The gist of this activity is to set up a scenario where your kids act as eyewitnesses to an event, and then help them to discover that they each will remember and report on different aspects of that event.

There are many ways to do this activity.  I chose to create my own scenario, which I detail below.  You could alternatively have your kids, or one child and a different adult, watch a video clip together on YouTube or on a DVD.  Just make sure to watch the clip on your own in advance so you that have the details straight in your own head first.  Then ask similar pointed questions to the ones listed in the activity outlined below.

I arranged for our kids to meet me in the living room at an appointed time.  I told them that I had something special to show them.  I didn’t give them any further preparation.

Then I dressed up in a strange and elaborate costume.  I put on various pieces of my kid’s dress up costumes (a hat, a mask, ponytails in my hair, a cape, a shirt with a picture on it, gloves, a scarf, and various things sticking out of my front and back pockets, and I had a stuffed animal tucked in somewhere to boot).

At the appointed time, I came into the room where my kids were seated and announced with a strange accent:  “Welcome everyone.  I am Mommy the Magnificent and I have a magic show to perform for you!”

I then explained how I was going to make something disappear in my magic hat.  I put a small toy in my hat; I waved a fancy cloth over top of it that I had taken out of one of my pockets, turned around a bunch of times (mainly so they could see the back of my costume), and said some magic sounding words.  I did some fancy dancing moves and made the toy disappear (by concealing it in my hand).  I then bowed and left the room.

The kids were amused, but also confused.

I told the kids to stay where they were, and quickly took off all of my costume and hid it out of sight.  I re-entered the room where my kids were bouncing off the walls, re-gathered them onto the couch and told them that that they were just eyewitnesses to what I had performed for them.

Then I asked: What is an eyewitness?  (Answer: Someone who sees something with their own eyes.  As they also heard something, our kids coined the term ‘earwitness’ as well!)

I told them that I was going to interview each of them to find out what they saw in my performance.  I took them one by one into a different room where our conversation could not be overheard by their brother, and interviewed them individually.  I told the one waiting to be interviewed to think hard about what he had just seen in preparation for his interview.

Click through to read how the kids responded.
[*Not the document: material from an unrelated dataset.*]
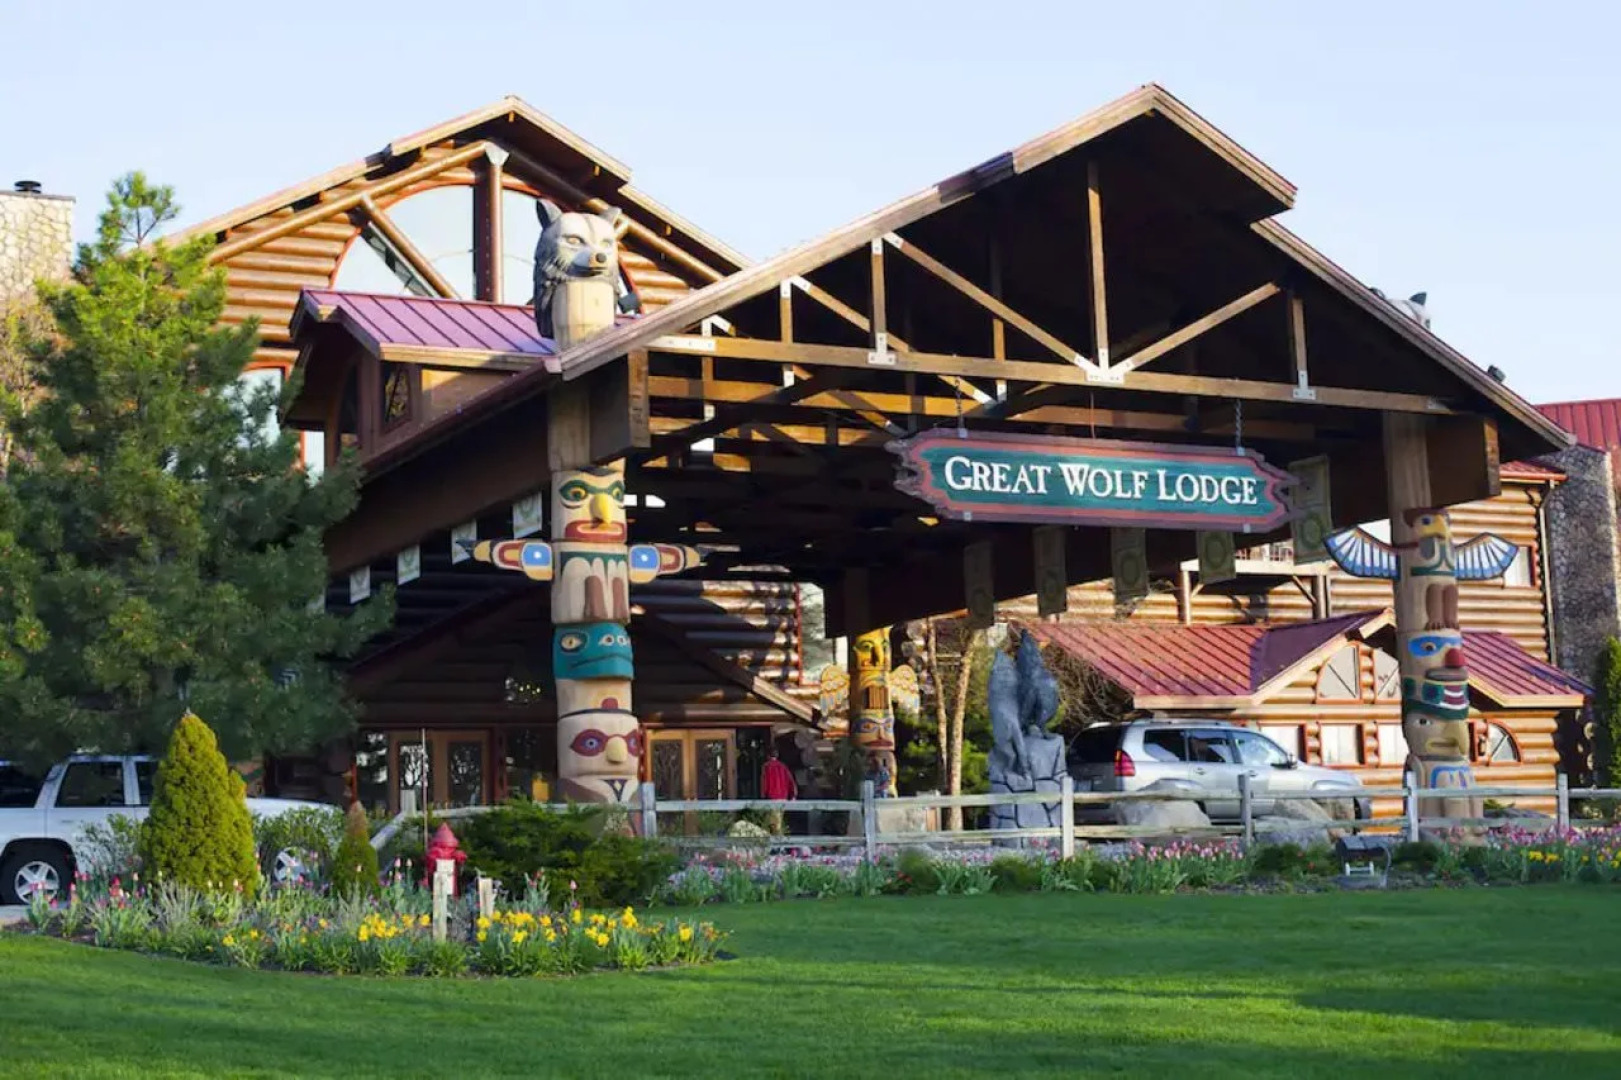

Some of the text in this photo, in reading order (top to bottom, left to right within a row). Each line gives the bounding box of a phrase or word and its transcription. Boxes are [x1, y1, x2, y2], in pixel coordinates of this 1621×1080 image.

[944, 456, 1257, 505] GREAT WOLF LODGE
I don’t have any kids of my own, but I am reading this blog to see how it’s done. Each post is showing a completely new creative technique for teaching apologetics to these two young boys. If you have any techniques like this, post an example in the comments.

Do you think that it is worth it to have a stay-at-home mom doing these sorts of activities with kids? Do you think that a government-run daycare would do similar activities? What sort of policies should a liberty-minded government enact in order to free up mothers to stay home and nurture their children like this? Which political party do you think is pushing for those policies? Which party is trying to make it harder for moms to stay home and do these sorts of activities?

9 thoughts on “How early can you start to teach children about Christian apologetics?”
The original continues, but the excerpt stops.